EXPLAINED: What to do if your second Covid jab in Germany clashes with your holiday

We're all keen to get our second Covid jab, but what happens if your vaccine appointment falls while you're away from Germany? We take a look at your rights and options.

EXPLAINED: What to do if your second Covid jab in Germany clashes with your holiday
Tourists relax on the beach in Greece, where Birgit H. had planned to have her post-lockdown break.
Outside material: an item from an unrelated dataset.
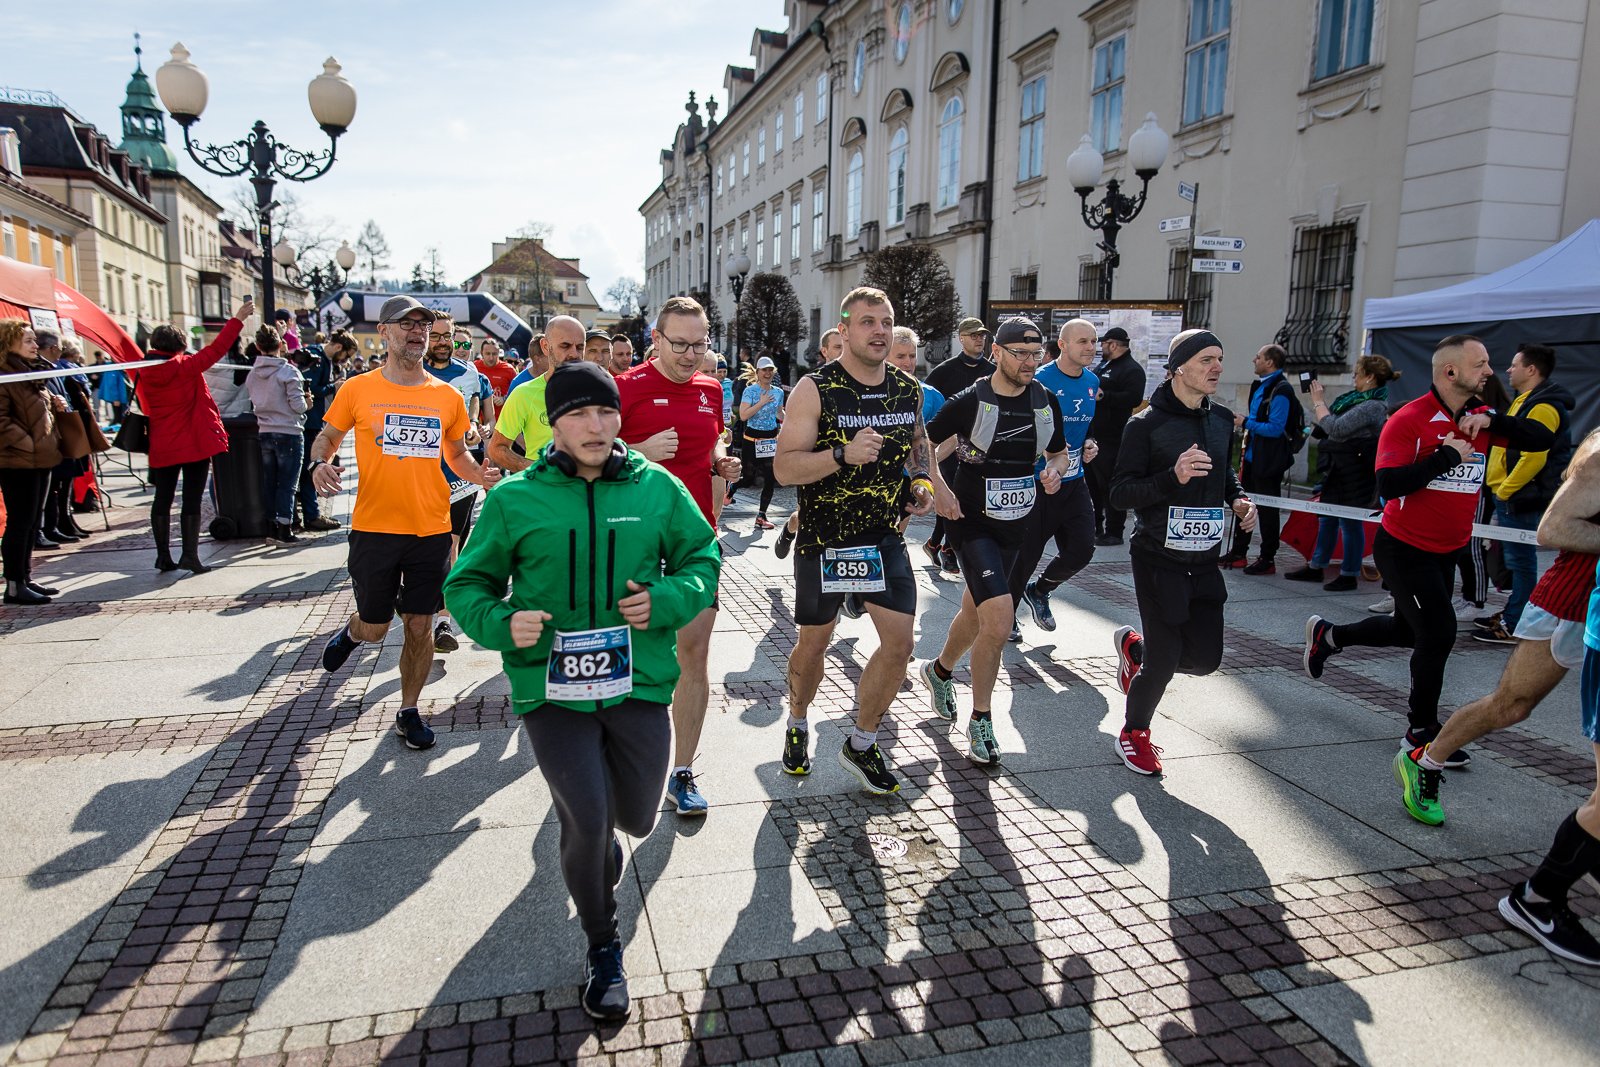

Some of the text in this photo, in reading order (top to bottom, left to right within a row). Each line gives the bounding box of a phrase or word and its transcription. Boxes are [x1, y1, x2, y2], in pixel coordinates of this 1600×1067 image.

Photo: picture alliance/dpa/XinHua | Lefteris Partsalis

It’s been a long wait for the Covid vaccine rollout in Germany to truly get underway, yet with around 53.6 percent of the population now partially vaccinated, many people feel as if freedom is just around the corner.

But with summer and the school holidays now upon us, there’s another risk: being given an appointment for the second shot at the exact same time you’re flying abroad for a post-lockdown holiday. 

That’s exactly what happened to Birgit H., a resident of Bavaria who shared her story with regional radio station BR24.

Having booked a holiday in Greece a few days after her last dose of vaccine was due, her GP surgery suddenly informed her they had run out of doses, and had to push the appointment back a week. In other words – to the exact same time she was supposed to be on the beach.

READ ALSO: Is Germany set to tighten testing and quarantine travel rules?

If you’re in Birgit’s position, it may seem like bad luck, but you do have options. Here’s what you need to know about your consumer rights if your second dose coincides with your holiday. 

My doctor offered me a vaccine appointment and then suddenly postponed it – can I take legal action?

According to legal experts, vaccine appointments – much like Ikea delivery windows – are considered more of a rough estimation of when you will be seen, rather than a cast-iron guarantee. 

Vaccination centres and doctors’ surgeries can’t generally be held liable if the appointment you’ve been given isn’t honoured, travel law expert Professor Ronald Schmid of Dresden Technical University told BR24. 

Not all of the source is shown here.